Explorations in math and programming
David Lowry-Duda

This summer, I proposed a research project for PROMYS (the PROgram in Mathematics for Young Scientists), a six-week intensive summer program at Boston University where highly motivated high school students explore mathematics. Three students (Nir Elber, Raymond Feng, and Henry Xie) chose to work on this project, and previous PROMYSer Anupam Datta gave additional guidance. Their summary of their findings can be found here. (UPDATE: a version of this now appears on the arXiv too).

Here I briefly describe the project and the work of Nir, Raymond, and Henry.

The project was organized around understanding why the following picture has so much structure.

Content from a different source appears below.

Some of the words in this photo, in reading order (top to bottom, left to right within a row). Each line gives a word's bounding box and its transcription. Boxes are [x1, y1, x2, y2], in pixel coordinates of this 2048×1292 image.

Fundamentally, this image depicts differences between sums related to primes. Let $p_n$ denote the $n$th prime. It follows from the Prime Number Theorem that $p_n \approx n \log n$, and thus that $n p_n \approx n^2 \log n$. One can also show that $$\sum_{m \leq n} p_m \approx \frac{1}{2} n^2 \log n,$$ and thus we should have that $$\frac{n p_n}{\sum_{m \leq n} p_m} \to 2.\tag{1}$$

The vertical axis in the image above examines differences between consecutive $n$ in $(1)$ (in log scale), while the horizontal axis gives $n$ (also in log scale).

The fact that $(1) \to 0$ corresponds to the overall downwards trend in the graph. But there is so much more structure! Why do the points fall into "troughs" or along "curtains"? Does each line mean something?

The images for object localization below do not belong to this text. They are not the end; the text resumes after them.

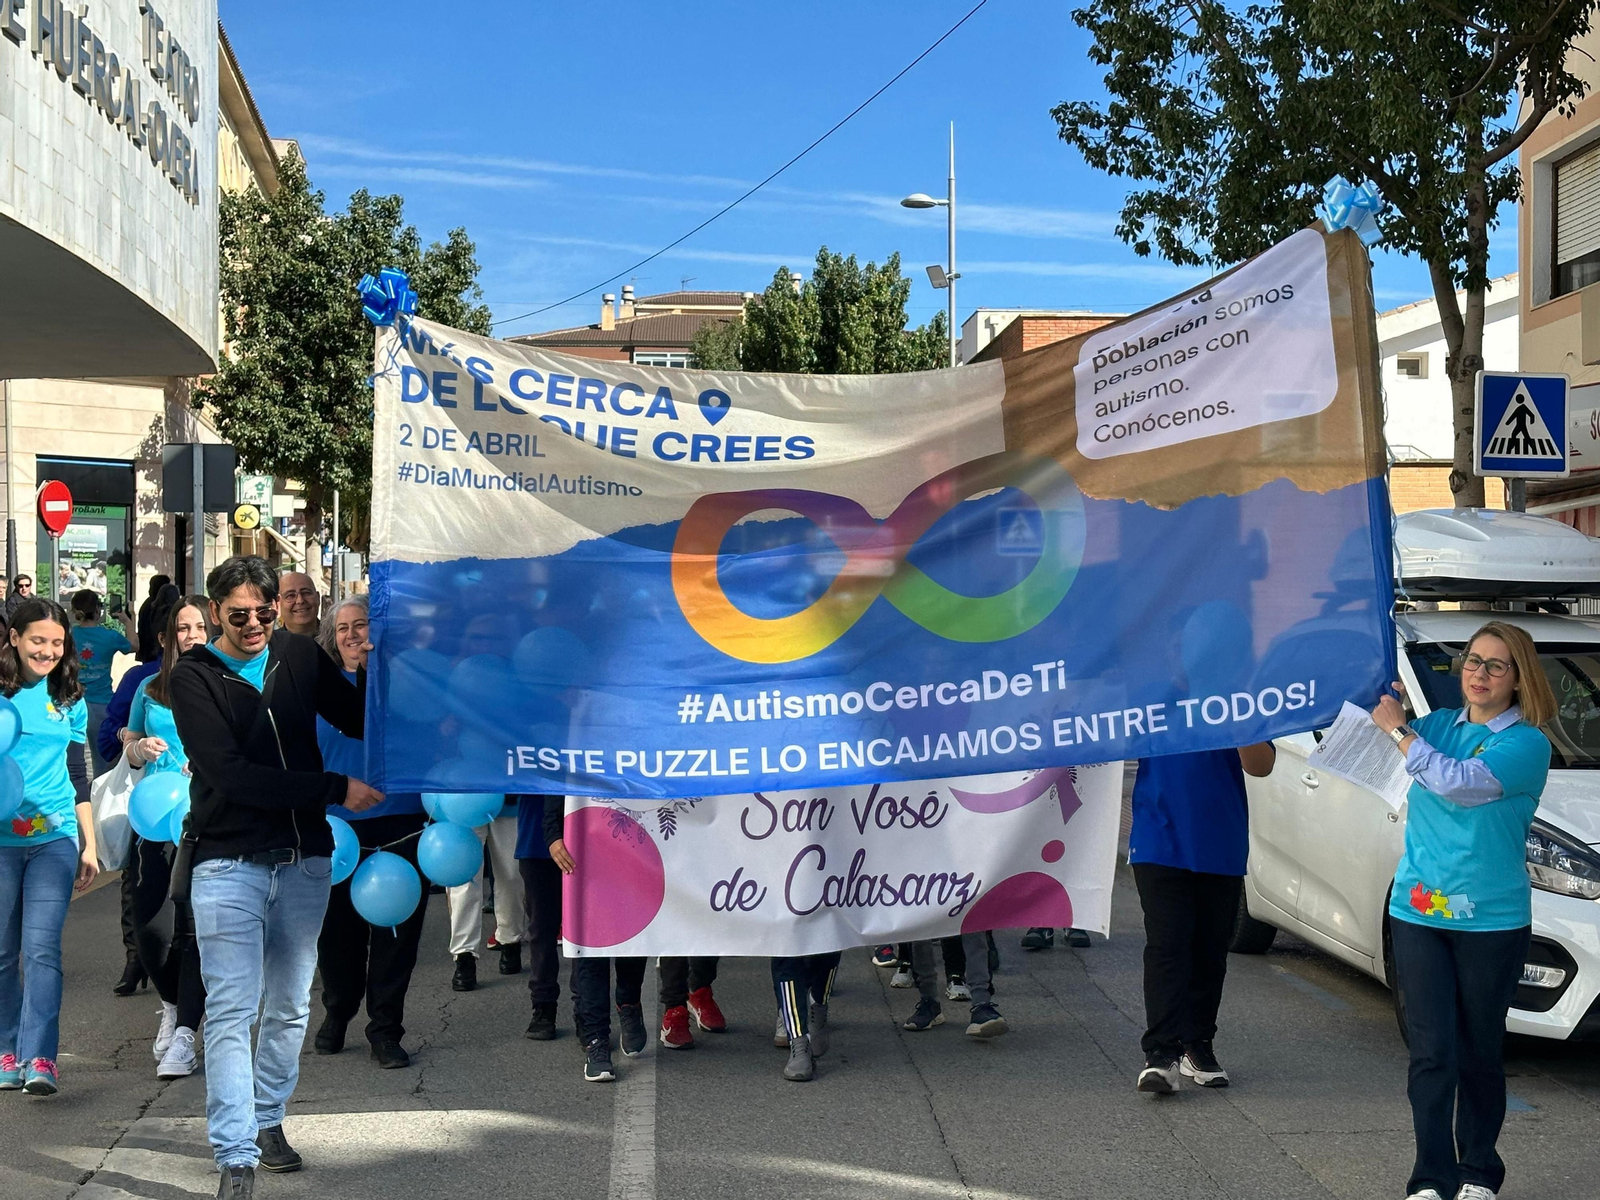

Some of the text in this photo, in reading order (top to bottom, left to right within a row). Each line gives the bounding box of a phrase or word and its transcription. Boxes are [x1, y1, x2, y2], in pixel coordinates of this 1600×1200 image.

[0, 0, 26, 41] E
[138, 0, 199, 122] TEATRO
[1092, 284, 1294, 373] población somos
[1094, 328, 1249, 394] personas con
[401, 365, 457, 409] DE
[652, 431, 816, 463] CREES
[509, 368, 678, 421] CERCA
[1095, 378, 1190, 418] autismo.
[399, 424, 546, 458] 2 DE ABRIL
[1094, 400, 1235, 443] Conócenos.
[398, 462, 643, 497] #DiaMundialAutismo
[73, 505, 106, 514] roBank
[677, 660, 1066, 723] #AutismoCercaDeTi
[507, 679, 1315, 778] ¡ESTE PUZZLE LO ENCAJAMOS ENTRE TODOS!
[740, 792, 835, 840] San
[709, 844, 981, 917] de Calasanz

In this version, I've colored differences coming from when $p_n$ is a twin prime (in blue), a cousin prime (in green), a sexy prime (in red), or a prime $p$ such that the next prime is $p+8$ (in cyan). The first dot is black because it comes from $2$. The next two correspond to $3$ and $5$ (both twin primes), and the fourth dot corresponds to $7$ and is green because the next prime after $7$ is $11$, and so on.

This is a strong hint at distributional aspects alluded to within the plots.

Nir, Raymond, and Henry proved many things! They quantified the rate of convergence in $(1)$ and thus quantified the guaranteed downward trend in the images and found images that better convey the structure of what's going on better. I was already very impressed, but then they branched out and studied more!

### Cramér's Model

We chose to investigate a nuanced question: what aspects of the initial plots depend strongly on the fact that the underlying data consists of primes, and what aspects depend only on the fact that the underlying data consists of integers with the same density as the primes?

To study this, one can create a new set of distinguished elements called Promys Primes (PPrimes) with the same density as true primes using probabilistic ideas of Cramér. Let's call $2$ and $3$ PPrimes, and then for each odd $m \geq 5$, we call $m$ a PPrime with probability $2 / \log m$. Do this for a large sequence of $m$, and we get a collection of PPrimes that has (with very high probability) the same density as true primes, but none of the multiplicative structure.

It turns out that for sets of PPrimes, there are analogous pictures and the asymptotics are even better! This is in section 3 of their write-up.

### Gaussian Integers

We also thought to study analogous situations in related sets of primes, such as the Gaussian integers. Recall that the Gaussian integers $\mathbb{Z}[i] = \{ a + bi : a, b \in \mathbb{Z} \}$ are a unique factorization domain and have a rich theory of primes. Sometimes this theory is very similar to the standard theory of primes over $\mathbb{Z}$. But there are challenges.

One significant challenge is that $\mathbb{C}$ is not ordered. A related challenge is that there are more units. Over $\mathbb{Z}$, both $2$ and $-2$ are primes, but we typically recognize $2$ as being more "simple". For Gaussian primes, there isn't such a choice; for example each of $1 + i, 1 - i, -1 + i, -1 - i$ are Gaussian primes, but none are more simple or fundamental than the others.

More concretely, one has to be careful even with how to define the "sum of the first $n$ primes". One natural thought might be to sum all Gaussian primes $\pi$ that have norm up to $X$. But one can quickly see that this sum is $0$ for analogous reasons to why the sum of all the typical primes with absolute values up to $X$ must vanish ($p + -p = 0$). In the Gaussian case, it is also true that $$\sum_{N(\pi) \leq X} \pi^2 = 0.$$

But they considered higher powers, where there aren't trivial or obvious reasons for massive cancellation, and they showed that there is always nontrivial cancellation. This is interesting on its own!

Then they also constructed a mixture, a Cramér-type model for Gaussian primes and showed that one should expect nontrivial cancellation there for purely distributional reasons.

I leave the details to their write-up. But they've done great work, and I look forward to seeing what they come up with in the future.